Grooper version 2023.1 is here! Below you will find brief descriptions on new and/or changed features. When available, follow any links to extended articles on a topic. |
Expanded web client
Light mode
Let there be light (mode)! Users can now toggle between dark mode and light mode in the Grooper web client. |
Improved scripting for web client
Scripting for the web client is better than ever. Grooper users can now use the web client as their debug target thanks to the GrooperSDK Visual Studio extension.
- The GrooperSDK extension is available for download in the Visual Studio Marketplace.
- This extension allows users to set a web browser as their debug target.
- Users can now download scripts and work on them independently of Grooper, saving changes directly from Visual Studio using the GrooperSDK extension.
Furthermore, users can edit scripts from any machine, not just the Grooper web server, with the following components must be installed:
- Grooper (with a Repository connection made to the Grooper Repository hosted by the web server)
- Grooper Web Client
- IIS
- Visual Studio 2019
- GrooperSDK
For more information, be sure to check out the Remote Scripting Setup article.
New and improved processing features
Secondary Types
Secondary Types is a new property assignable to Batch Folders.

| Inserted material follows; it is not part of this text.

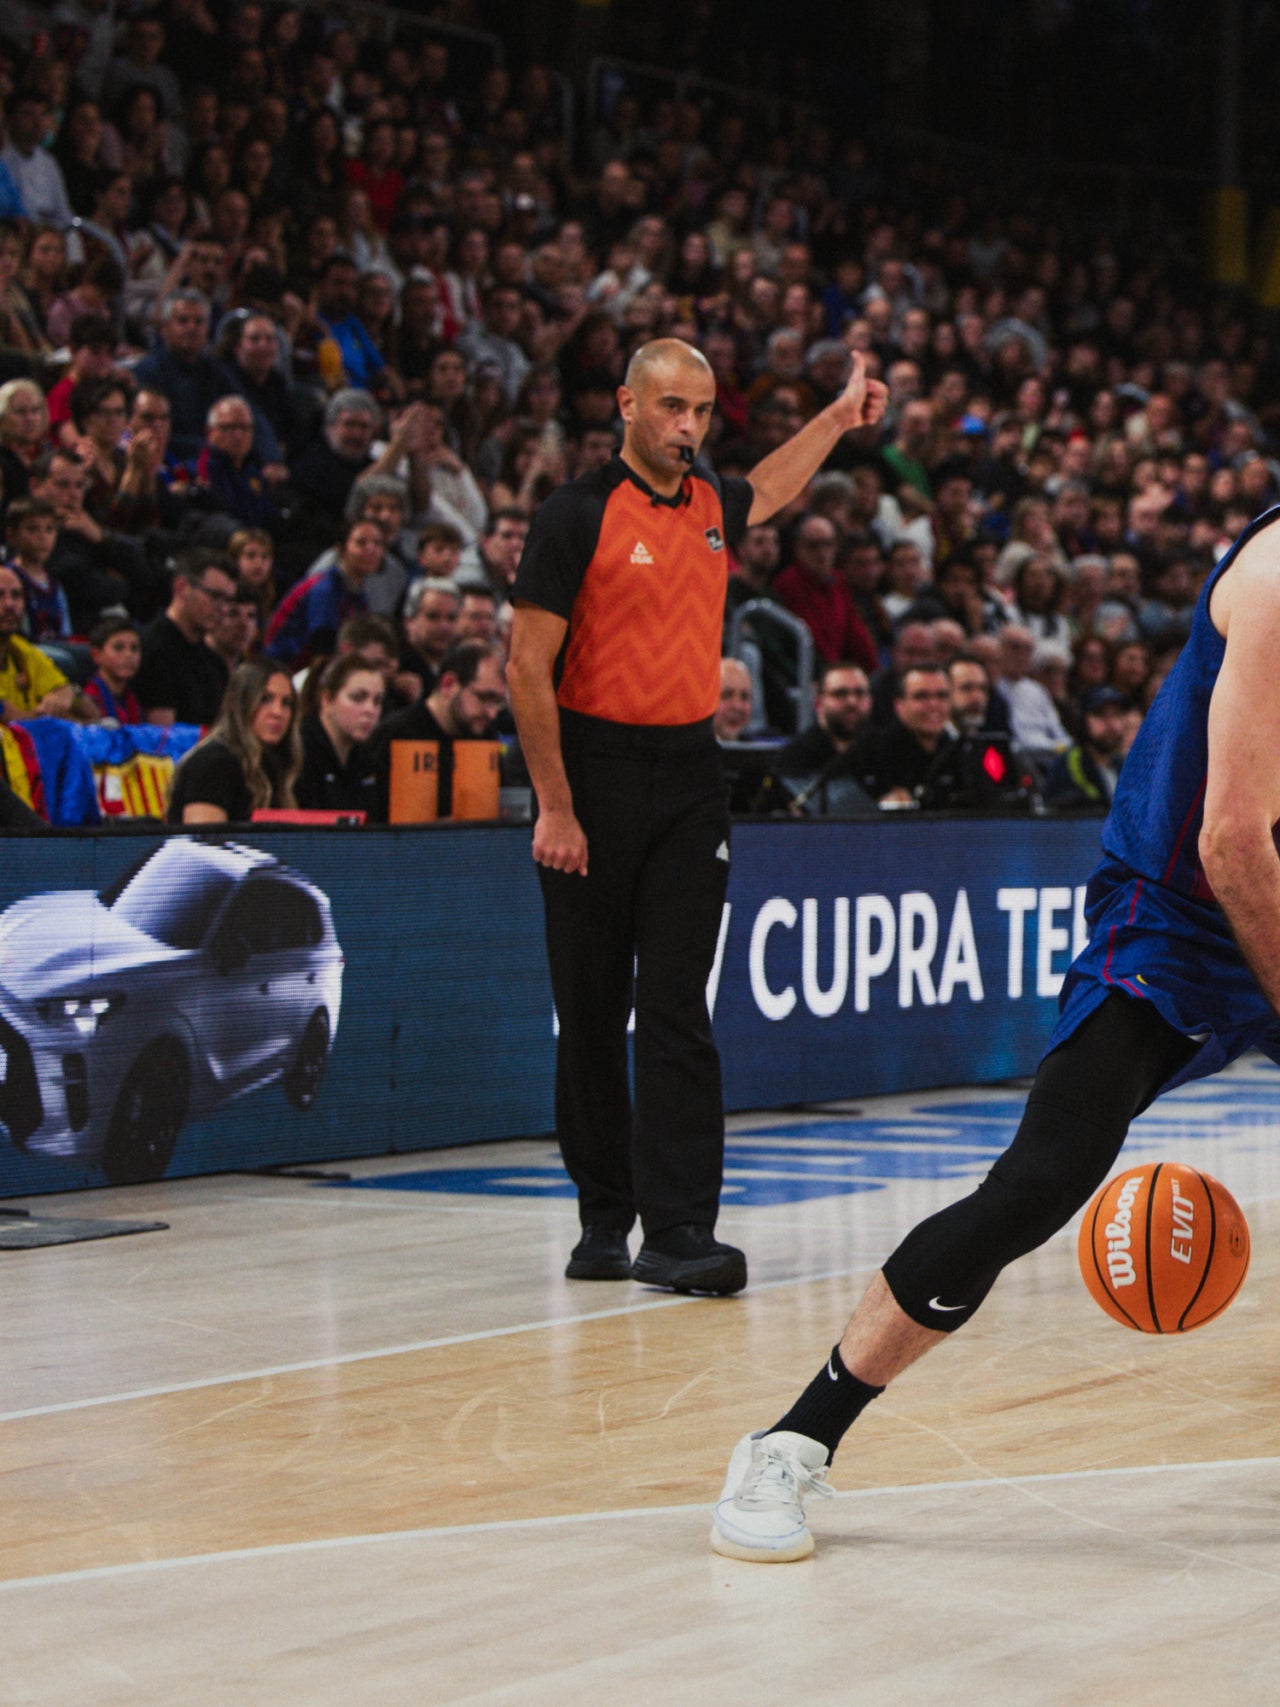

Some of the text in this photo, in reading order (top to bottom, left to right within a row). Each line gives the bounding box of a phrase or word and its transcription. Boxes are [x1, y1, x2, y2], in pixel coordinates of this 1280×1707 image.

[749, 887, 984, 1021] CUPRA
[1105, 1176, 1144, 1290] Wilson
[1170, 1195, 1194, 1264] EVO

This feature allows a single document to be assigned multiple Document Types. Secondary Types can be used with the following activities:
|
EDI support
Grooper can create Data Models directly from an X12 EDI schema and load data from an EDI file directly into a Grooper document.

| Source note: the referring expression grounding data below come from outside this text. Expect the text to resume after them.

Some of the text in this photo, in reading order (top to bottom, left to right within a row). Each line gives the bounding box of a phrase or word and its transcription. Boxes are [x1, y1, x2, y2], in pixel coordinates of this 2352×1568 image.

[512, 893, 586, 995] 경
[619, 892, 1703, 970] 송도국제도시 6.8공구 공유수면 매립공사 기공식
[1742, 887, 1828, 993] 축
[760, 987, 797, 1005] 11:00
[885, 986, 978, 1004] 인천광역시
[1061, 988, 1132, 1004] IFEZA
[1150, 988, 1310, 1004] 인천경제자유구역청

- Data Elements adhering to an EDI schema can be created by right-clicking a Data Model, selecting Import Schema... and configuring the EDI Schema Importer.

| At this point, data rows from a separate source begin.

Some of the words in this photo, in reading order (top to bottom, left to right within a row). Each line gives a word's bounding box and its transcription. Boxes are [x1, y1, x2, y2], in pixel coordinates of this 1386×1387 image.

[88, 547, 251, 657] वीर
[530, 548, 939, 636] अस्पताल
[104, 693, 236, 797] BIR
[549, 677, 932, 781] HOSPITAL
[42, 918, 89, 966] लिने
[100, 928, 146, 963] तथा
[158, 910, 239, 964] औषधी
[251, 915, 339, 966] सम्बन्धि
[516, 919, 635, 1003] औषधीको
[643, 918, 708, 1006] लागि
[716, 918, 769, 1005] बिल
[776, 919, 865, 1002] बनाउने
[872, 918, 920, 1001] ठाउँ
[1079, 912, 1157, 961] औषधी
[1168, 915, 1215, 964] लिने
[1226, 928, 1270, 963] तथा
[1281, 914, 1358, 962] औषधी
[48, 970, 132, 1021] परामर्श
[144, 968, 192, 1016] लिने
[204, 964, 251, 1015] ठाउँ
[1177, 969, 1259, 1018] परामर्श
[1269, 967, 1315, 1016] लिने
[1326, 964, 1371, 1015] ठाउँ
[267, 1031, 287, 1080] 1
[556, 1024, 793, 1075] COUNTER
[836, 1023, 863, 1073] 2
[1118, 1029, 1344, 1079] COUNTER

- Data from an EDI file can be loaded into Grooper using the Execute activity, configured with an EDI File - Load Data command.
Currently, Grooper can process the following EDI schemas natively:
- X12 835
- X12 837 Professional
- X12 837 Dental
- X12 837 Institutional
FYI: X12 refers to the organization developing and maintaining the EDI standards. X12 is the common EDI standard in the US and North America.
For more information, be sure to check out the XML Schema Integration article.
XML Data Interchange
Grooper users can now ingest and build XML files more effectively with our suite of "XML Data Interchange" capabilities. With this new funcitonality users can:
- Create Data Elements from an XML schema file right-clicking a Data Model, selecting Import Schema... and configuring the XML Schema Importer.
- Load data from an XML file that adheres to an XML schema using the Execute activity, configured with an XML File - Load Data command.
- Validate an XML document against an XML schema using the Execute activity, configured with an XML File - Validate Schema command.
- Generate an XML document according to an XML schema using a new Merge/Export Format (called XML Format).
For more information, be sure to check out the XML Schema Integration article.
New node type: Resource Files
Resource Files allow users to store any kind of file in a Project. Simply drag a file from your file system and drop it into a Project (or folder in a Project).
|
Expression Variables
Simplify expressions with Variables. Data Models, Data Sections and Data Tables have a new Variables property. Users can add a list of expression variables, each having a name, a value type and an expression.
|
Lookup improvements
New Lookup type: XML Lookup
The new XML Lookup allows users to perform a lookup against data in an XML file. It uses XPath selectors with Grooper variables to select data in an XML hierarchy. This gives Grooper users a mechanism to query data that lies somewhere between a Lexicon Lookup and a Database Lookup. It is more capable than a Lexicon Lookup. XML data is more complex than the simple "key-value" list you can query in a Lexicon. However, XML data is not as complex as a relational database. The XML Lookup gives you an option when you need to query fairly static data that lies between a Lexicon and a database in terms of its complexity.
Please Note! For most lookups, you reference Grooper Data Elements with the "@" symbol. However, "@" is already part of the XPath syntax. Data Elements are instead referenced with the "%" symbol for XML Lookups.
New Trigger mode: Custom
A new Custom option for a lookup's Trigger Mode now allows for conditional lookup execution. Selecting Custom exposes a Trigger for the lookup. This uses an expression to define conditions when to execute the lookup.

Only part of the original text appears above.